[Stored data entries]
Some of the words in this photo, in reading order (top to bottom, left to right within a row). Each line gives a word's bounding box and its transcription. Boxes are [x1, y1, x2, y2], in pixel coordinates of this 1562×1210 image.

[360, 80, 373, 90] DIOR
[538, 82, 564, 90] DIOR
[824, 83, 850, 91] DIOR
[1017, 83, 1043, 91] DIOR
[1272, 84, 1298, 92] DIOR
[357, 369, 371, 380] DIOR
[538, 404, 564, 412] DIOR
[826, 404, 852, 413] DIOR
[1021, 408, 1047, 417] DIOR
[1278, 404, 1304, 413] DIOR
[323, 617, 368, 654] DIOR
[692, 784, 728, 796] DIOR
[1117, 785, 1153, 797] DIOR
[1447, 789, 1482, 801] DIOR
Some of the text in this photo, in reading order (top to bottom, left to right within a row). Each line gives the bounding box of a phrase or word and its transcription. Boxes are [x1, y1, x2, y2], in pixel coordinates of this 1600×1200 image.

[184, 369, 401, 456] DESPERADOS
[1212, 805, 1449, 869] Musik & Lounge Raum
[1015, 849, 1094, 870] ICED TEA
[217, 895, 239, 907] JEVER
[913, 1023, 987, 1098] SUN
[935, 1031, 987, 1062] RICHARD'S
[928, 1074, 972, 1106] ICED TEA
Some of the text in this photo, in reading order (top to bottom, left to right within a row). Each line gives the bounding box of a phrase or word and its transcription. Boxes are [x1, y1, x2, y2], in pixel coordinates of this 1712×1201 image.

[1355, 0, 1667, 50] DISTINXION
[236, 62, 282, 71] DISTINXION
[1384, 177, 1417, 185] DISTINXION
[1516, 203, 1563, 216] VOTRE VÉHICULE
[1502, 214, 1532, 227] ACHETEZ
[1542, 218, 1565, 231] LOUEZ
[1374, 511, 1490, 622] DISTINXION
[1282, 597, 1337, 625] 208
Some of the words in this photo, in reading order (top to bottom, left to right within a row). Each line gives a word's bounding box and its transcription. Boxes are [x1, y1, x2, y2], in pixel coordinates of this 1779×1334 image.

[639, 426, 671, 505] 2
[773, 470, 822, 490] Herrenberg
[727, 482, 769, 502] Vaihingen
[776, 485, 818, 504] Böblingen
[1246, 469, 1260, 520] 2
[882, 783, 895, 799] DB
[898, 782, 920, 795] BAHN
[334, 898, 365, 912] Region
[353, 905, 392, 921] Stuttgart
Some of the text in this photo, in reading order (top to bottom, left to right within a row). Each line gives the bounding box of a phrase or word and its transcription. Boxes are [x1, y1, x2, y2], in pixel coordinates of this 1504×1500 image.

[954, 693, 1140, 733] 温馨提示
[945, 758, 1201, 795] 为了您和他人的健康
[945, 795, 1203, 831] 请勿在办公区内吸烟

### Problem to work on
Which lines run from the one containing "this 1504×1500 image." to the end of the entries above? Quote exactly those, and only those.

### Written response
Some of the text in this photo, in reading order (top to bottom, left to right within a row). Each line gives the bounding box of a phrase or word and its transcription. Boxes are [x1, y1, x2, y2], in pixel coordinates of this 1504×1500 image.

[954, 693, 1140, 733] 温馨提示
[945, 758, 1201, 795] 为了您和他人的健康
[945, 795, 1203, 831] 请勿在办公区内吸烟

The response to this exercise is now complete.